# [EXERCISE REQUIREMENTS]
Beginning with the first line below, output every record verbatim and leave out the images.

# [Image-backed grounding data]
----------------------------------------

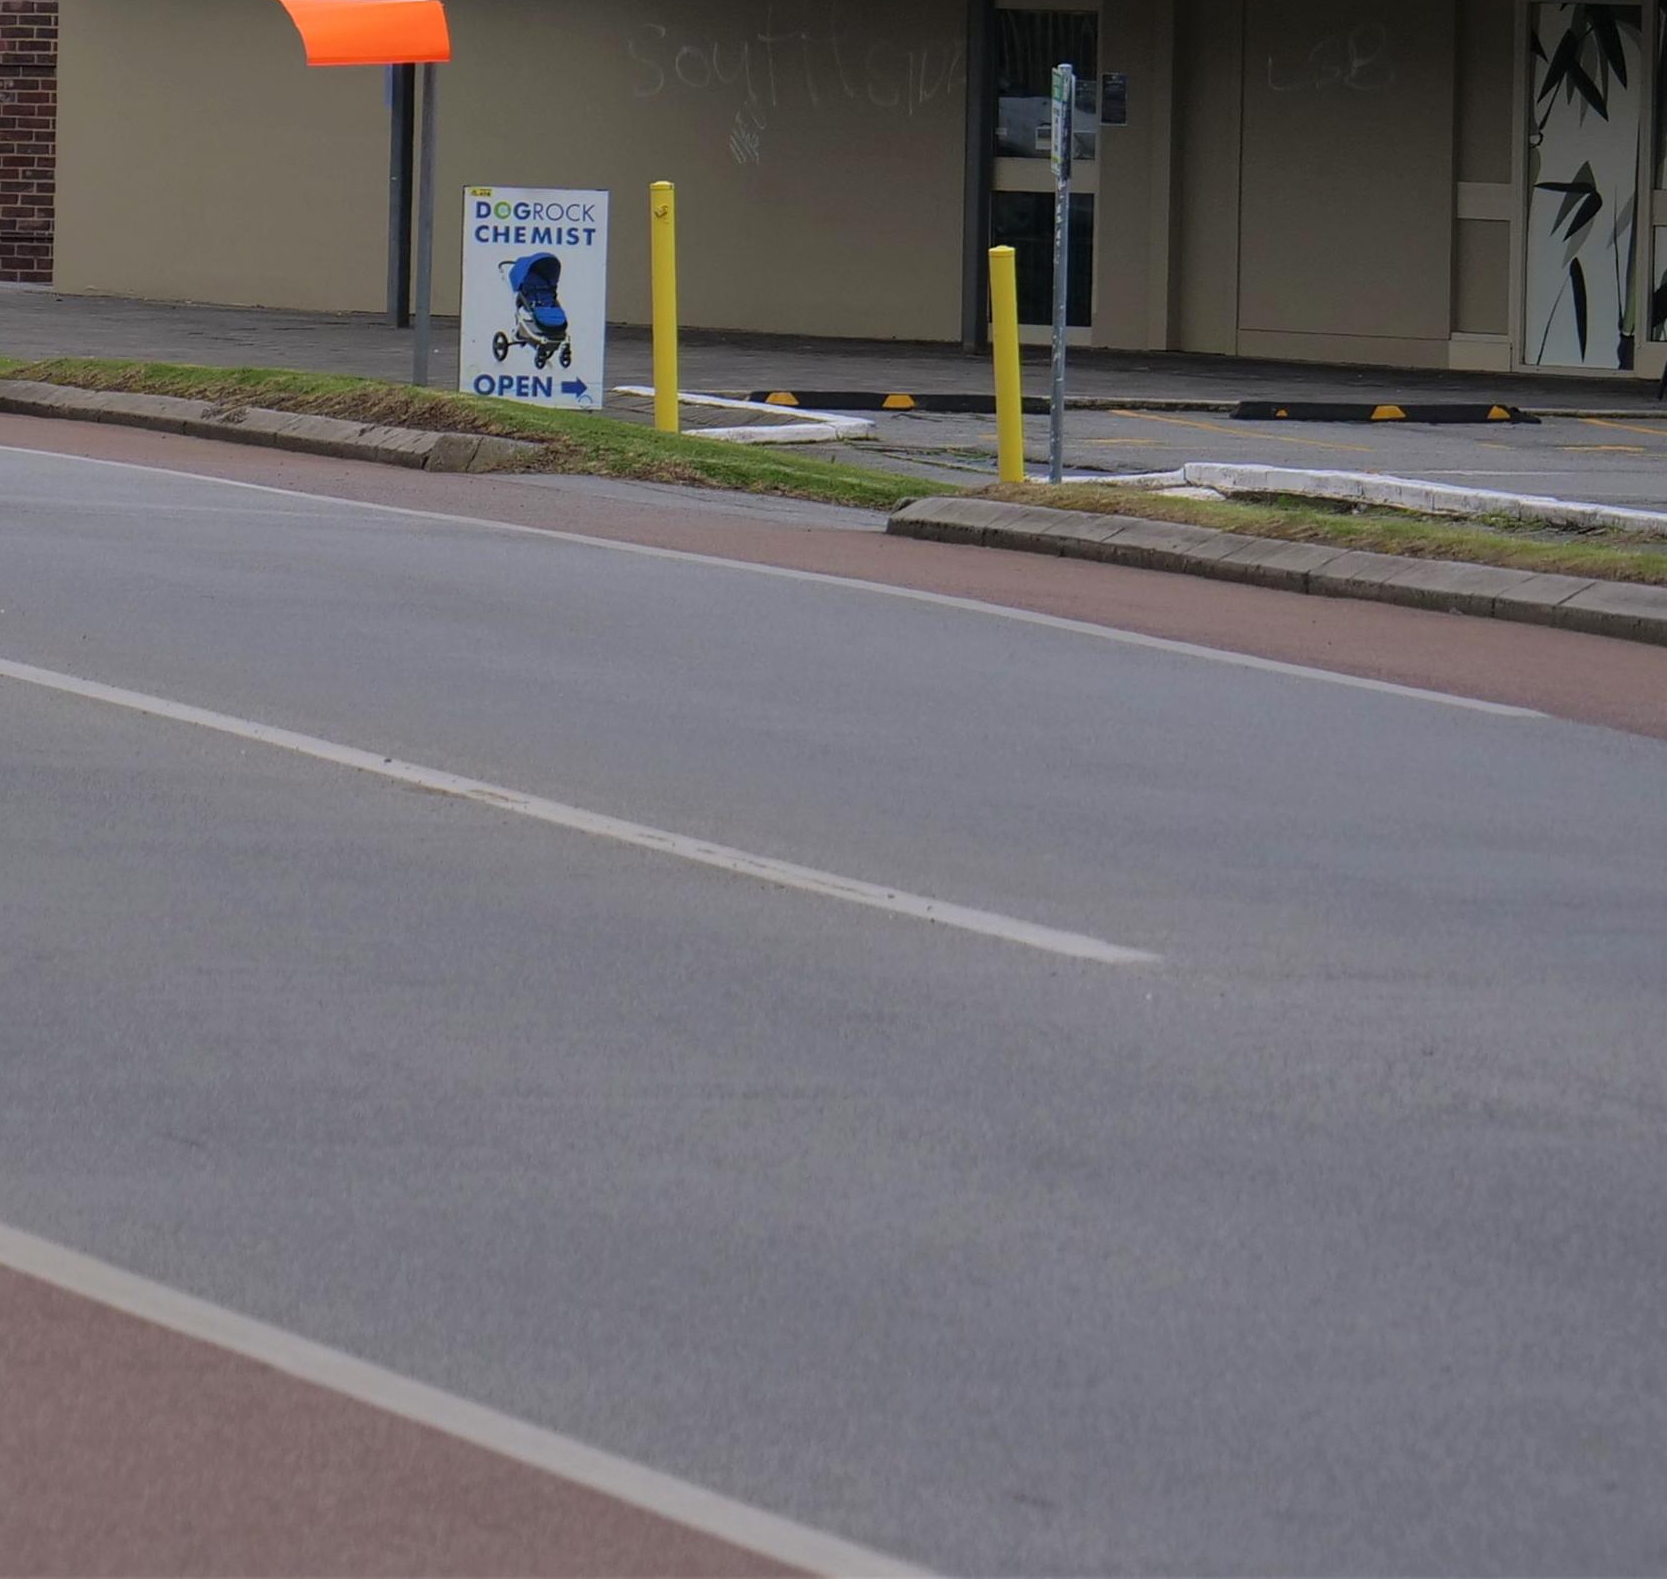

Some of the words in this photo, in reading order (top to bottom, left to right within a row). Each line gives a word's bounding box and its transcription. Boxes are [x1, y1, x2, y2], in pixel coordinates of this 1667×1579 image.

[475, 201, 596, 223] DOGROCK
[474, 224, 596, 246] CHEMIST
[473, 373, 553, 398] OPEN
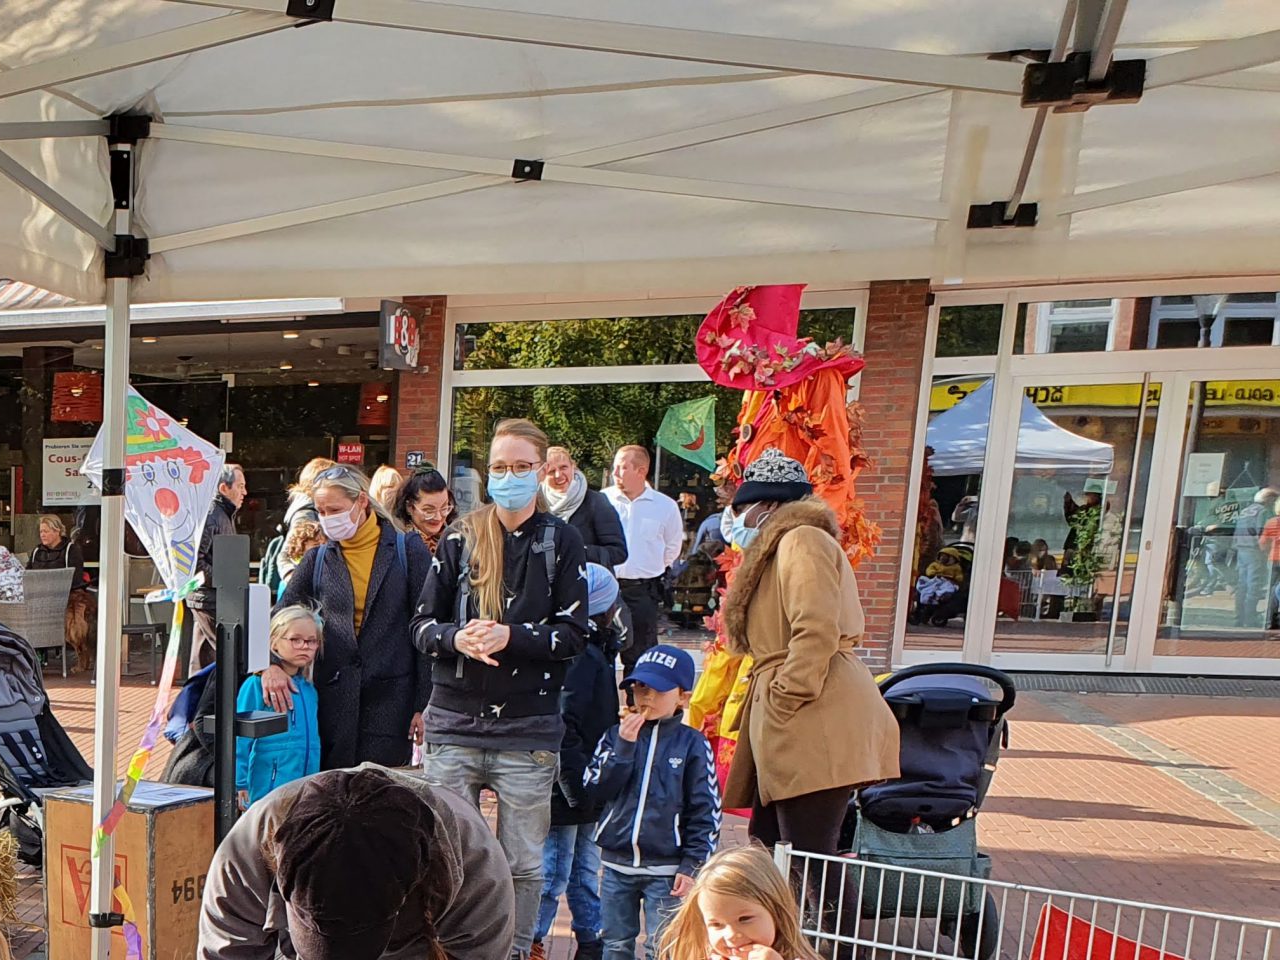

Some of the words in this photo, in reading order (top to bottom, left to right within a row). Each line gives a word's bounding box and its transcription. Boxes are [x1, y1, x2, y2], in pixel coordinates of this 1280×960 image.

[339, 445, 362, 453] W-LAN
[407, 454, 422, 465] 21
[1222, 505, 1260, 523] FASS

----------------------------------------

# [RESPONSE TO THE TASK]
Some of the words in this photo, in reading order (top to bottom, left to right within a row). Each line gives a word's bounding box and its transcription. Boxes are [x1, y1, x2, y2], in pixel coordinates of this 1667×1579 image.

[475, 201, 596, 223] DOGROCK
[474, 224, 596, 246] CHEMIST
[473, 373, 553, 398] OPEN

Some of the words in this photo, in reading order (top to bottom, left to right within a row). Each line gives a word's bounding box and its transcription. Boxes are [x1, y1, x2, y2], in pixel coordinates of this 1280×960 image.

[339, 445, 362, 453] W-LAN
[407, 454, 422, 465] 21
[1222, 505, 1260, 523] FASS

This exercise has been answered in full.